Annotated photo localization data:
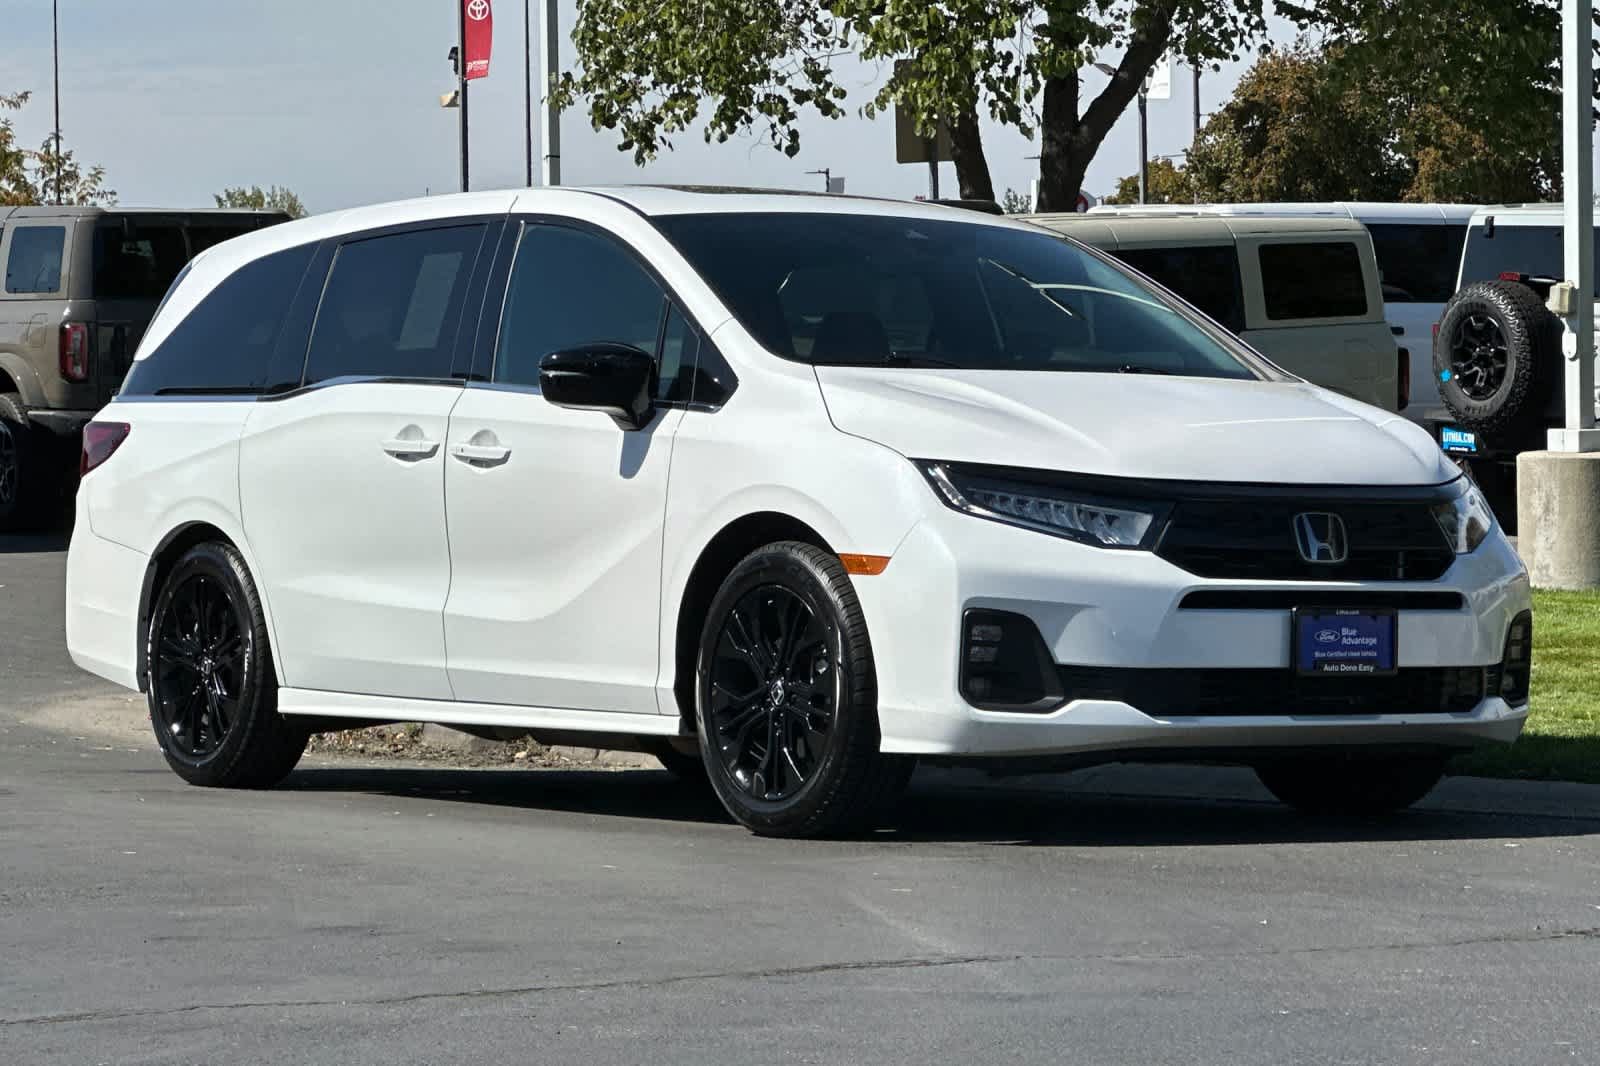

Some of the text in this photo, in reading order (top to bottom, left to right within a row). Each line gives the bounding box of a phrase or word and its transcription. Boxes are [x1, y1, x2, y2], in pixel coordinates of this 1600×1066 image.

[1341, 627, 1357, 636] Blue
[1341, 636, 1377, 646] Advantage
[1323, 663, 1374, 672] Auto Done Easy
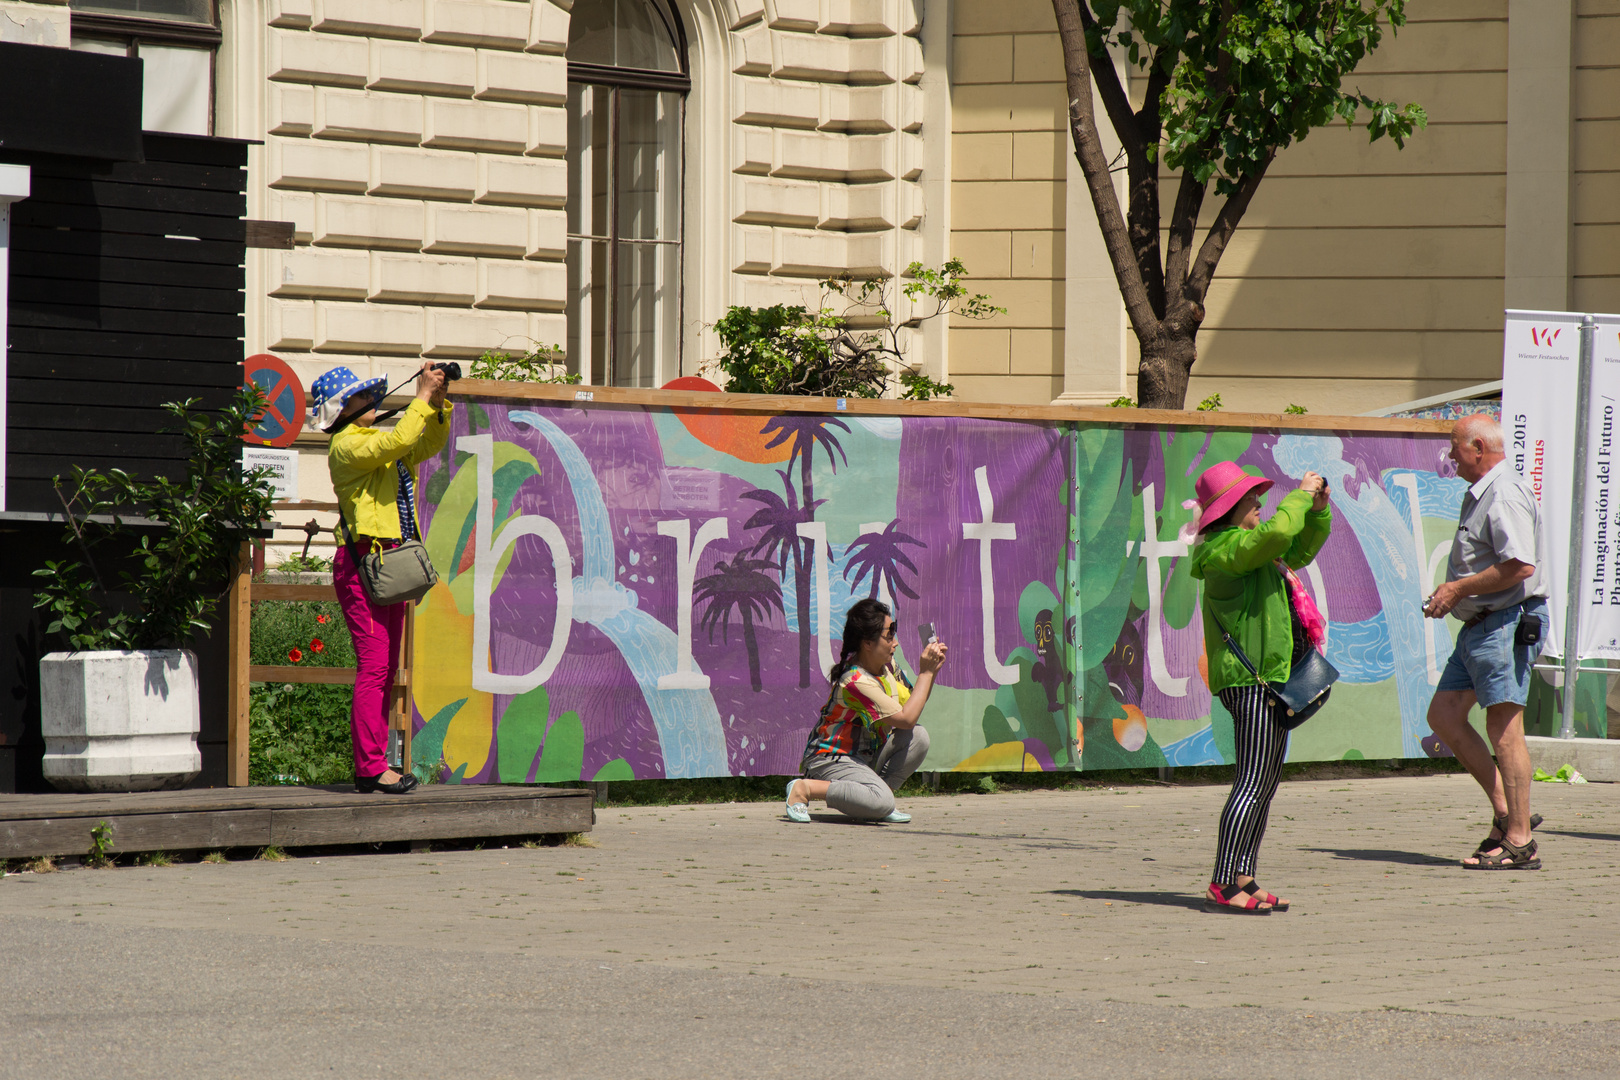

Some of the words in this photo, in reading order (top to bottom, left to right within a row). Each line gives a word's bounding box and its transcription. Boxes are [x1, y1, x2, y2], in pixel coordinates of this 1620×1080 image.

[1538, 353, 1570, 361] Festwochen
[1513, 414, 1527, 449] 2015
[1598, 405, 1614, 457] Futuro
[1596, 461, 1610, 484] del
[1592, 488, 1610, 584] Imaginación
[1591, 587, 1604, 606] La
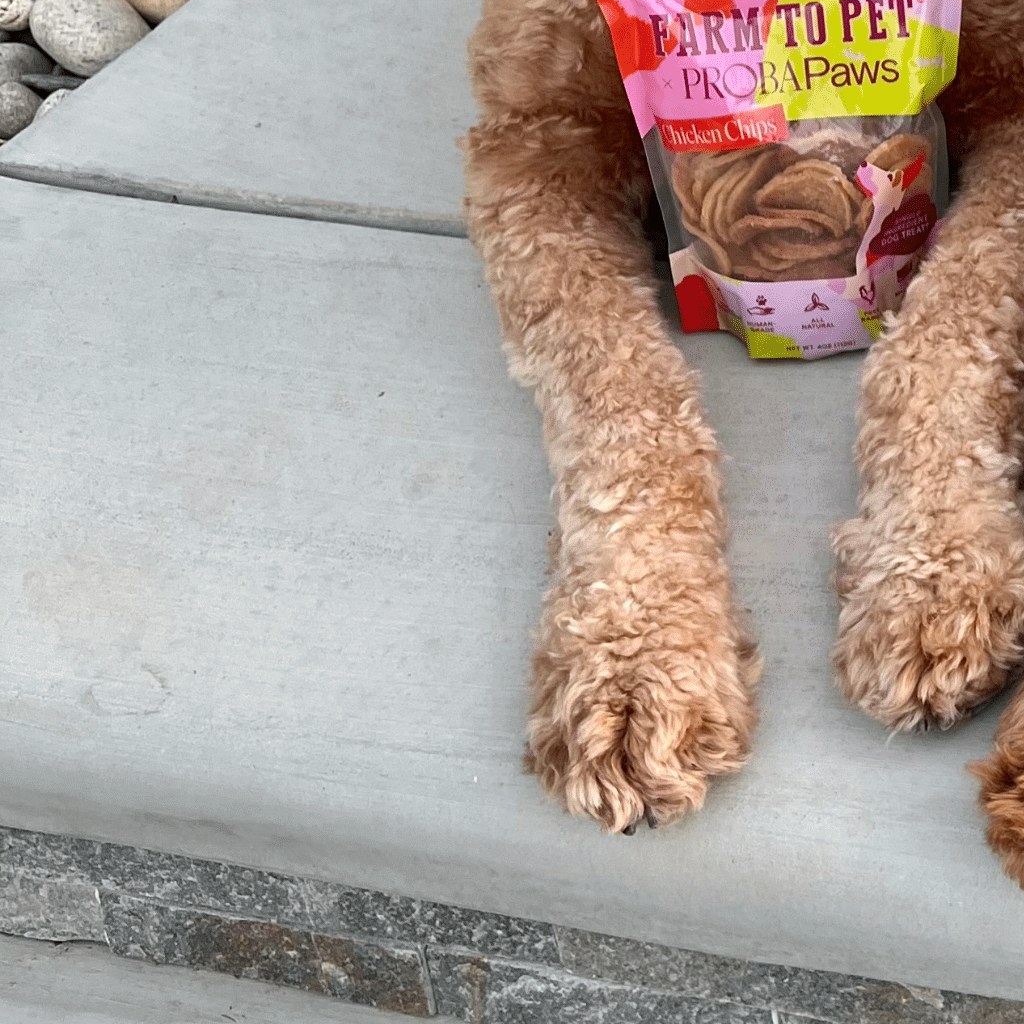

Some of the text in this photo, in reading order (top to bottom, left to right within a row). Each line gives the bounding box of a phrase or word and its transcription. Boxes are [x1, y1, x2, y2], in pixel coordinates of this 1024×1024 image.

[648, 6, 764, 58] FARM
[775, 0, 828, 49] TO
[662, 115, 777, 147] Chicken Chips
[801, 322, 835, 330] NATURAL
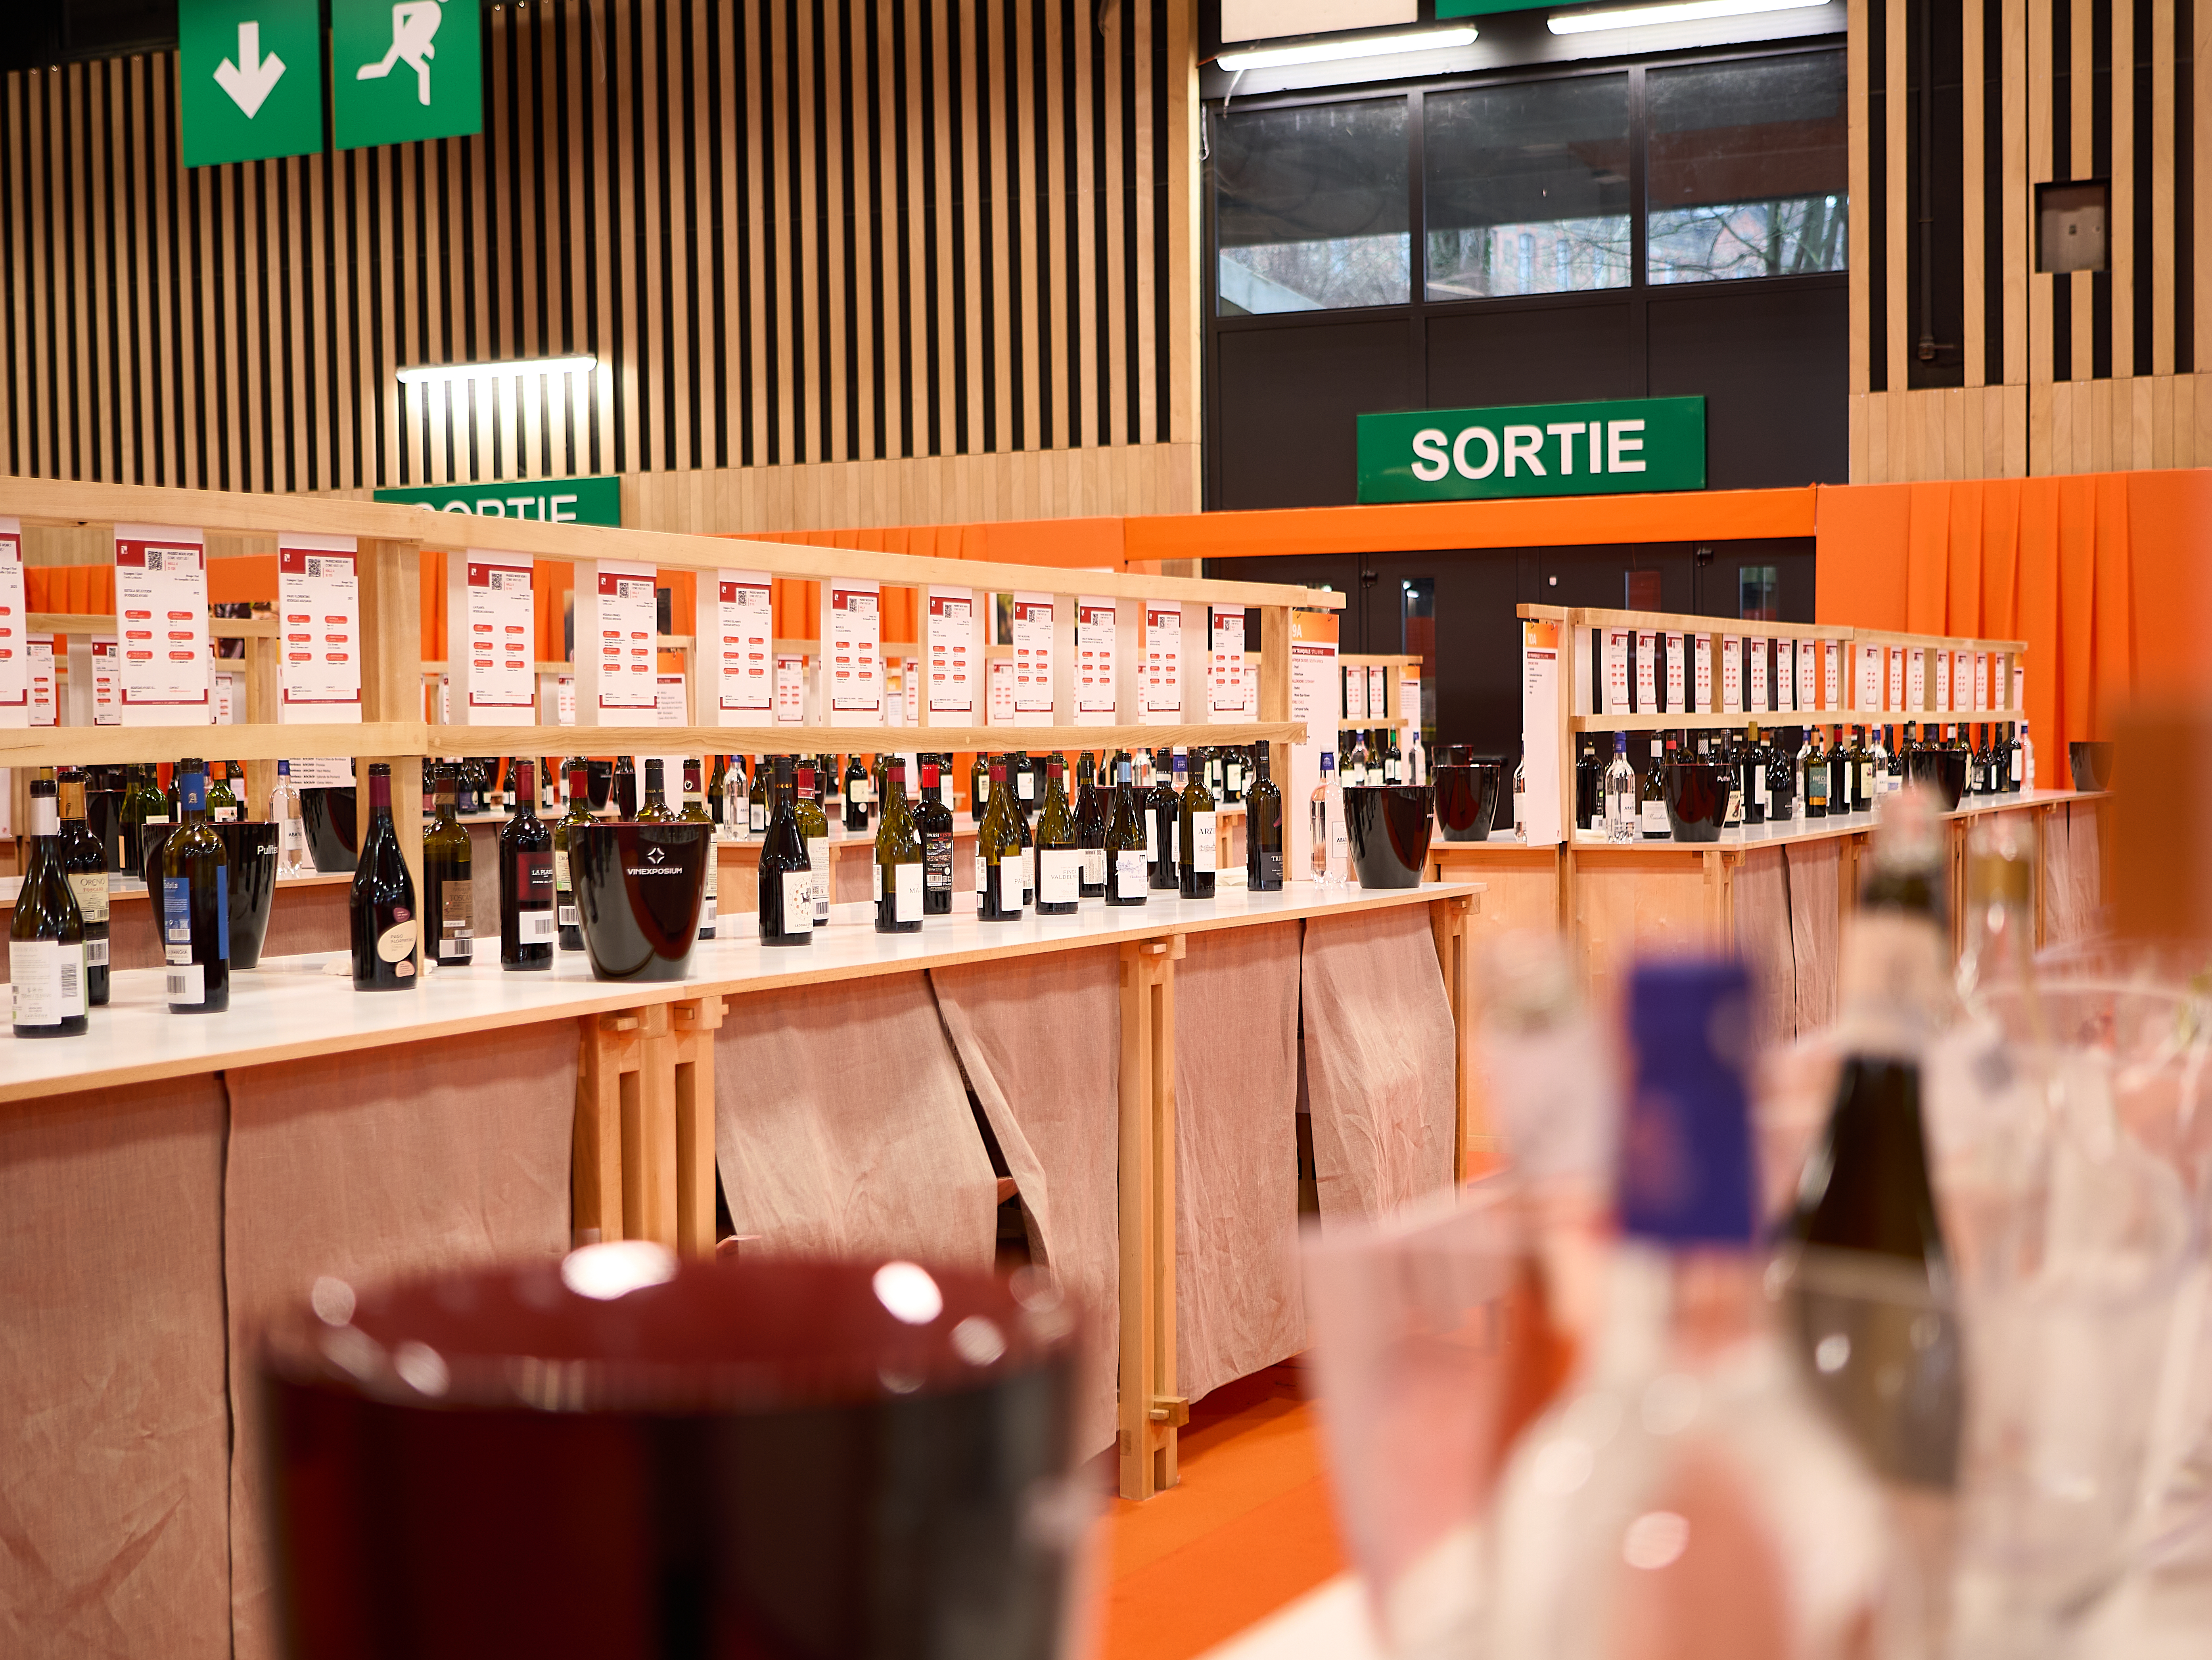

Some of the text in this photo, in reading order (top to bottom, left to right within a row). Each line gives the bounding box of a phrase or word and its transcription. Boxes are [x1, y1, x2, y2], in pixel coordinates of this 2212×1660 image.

[1411, 419, 1646, 482] SORTIE
[414, 494, 578, 523] TIE
[1292, 624, 1302, 638] 9A
[1528, 634, 1537, 645] 10A
[257, 845, 278, 855] Pullte

# Directions for this task:
Print out each record exactly as shown, but keep the pictures out.

# Output of the exercise:
Some of the text in this photo, in reading order (top to bottom, left to right within a row). Each line gives the bounding box of a phrase or word and its transcription. Boxes are [x1, y1, x2, y2], in pixel coordinates of this 1600×1066 image.

[1341, 627, 1357, 636] Blue
[1341, 636, 1377, 646] Advantage
[1323, 663, 1374, 672] Auto Done Easy

Some of the words in this photo, in reading order (top to bottom, left to right within a row). Each line gives a word's bounding box and its transcription. Boxes are [x1, y1, x2, y2], in pixel coordinates of this 1620×1080 image.

[1538, 353, 1570, 361] Festwochen
[1513, 414, 1527, 449] 2015
[1598, 405, 1614, 457] Futuro
[1596, 461, 1610, 484] del
[1592, 488, 1610, 584] Imaginación
[1591, 587, 1604, 606] La

Some of the text in this photo, in reading order (top to bottom, left to right within a row). Each line gives the bounding box of a phrase or word and its transcription. Boxes are [x1, y1, x2, y2], in pixel coordinates of this 1024×1024 image.

[648, 6, 764, 58] FARM
[775, 0, 828, 49] TO
[662, 115, 777, 147] Chicken Chips
[801, 322, 835, 330] NATURAL

Some of the text in this photo, in reading order (top to bottom, left to right within a row). Each line gives the bounding box of a phrase or word and its transcription. Boxes are [x1, y1, x2, y2], in pixel coordinates of this 2212×1660 image.

[1411, 419, 1646, 482] SORTIE
[414, 494, 578, 523] TIE
[1292, 624, 1302, 638] 9A
[1528, 634, 1537, 645] 10A
[257, 845, 278, 855] Pullte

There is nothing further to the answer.